TASK OBJECTIVE: Restate the full set of records exactly, word for word.

====== SUPPLIED MATERIAL

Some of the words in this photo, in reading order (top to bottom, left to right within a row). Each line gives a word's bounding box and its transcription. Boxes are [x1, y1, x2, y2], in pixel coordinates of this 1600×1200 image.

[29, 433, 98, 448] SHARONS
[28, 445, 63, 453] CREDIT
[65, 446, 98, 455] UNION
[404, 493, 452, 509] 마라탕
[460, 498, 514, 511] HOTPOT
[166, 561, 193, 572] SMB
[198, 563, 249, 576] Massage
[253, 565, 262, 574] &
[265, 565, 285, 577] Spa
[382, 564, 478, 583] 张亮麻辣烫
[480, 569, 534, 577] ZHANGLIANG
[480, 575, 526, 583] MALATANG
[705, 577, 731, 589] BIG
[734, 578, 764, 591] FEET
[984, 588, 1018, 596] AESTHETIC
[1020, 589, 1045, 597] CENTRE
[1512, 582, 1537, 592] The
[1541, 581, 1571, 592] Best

============

ANSWER AREA:
Some of the words in this photo, in reading order (top to bottom, left to right within a row). Each line gives a word's bounding box and its transcription. Boxes are [x1, y1, x2, y2], in pixel coordinates of this 1600×1200 image.

[29, 433, 98, 448] SHARONS
[28, 445, 63, 453] CREDIT
[65, 446, 98, 455] UNION
[404, 493, 452, 509] 마라탕
[460, 498, 514, 511] HOTPOT
[166, 561, 193, 572] SMB
[198, 563, 249, 576] Massage
[253, 565, 262, 574] &
[265, 565, 285, 577] Spa
[382, 564, 478, 583] 张亮麻辣烫
[480, 569, 534, 577] ZHANGLIANG
[480, 575, 526, 583] MALATANG
[705, 577, 731, 589] BIG
[734, 578, 764, 591] FEET
[984, 588, 1018, 596] AESTHETIC
[1020, 589, 1045, 597] CENTRE
[1512, 582, 1537, 592] The
[1541, 581, 1571, 592] Best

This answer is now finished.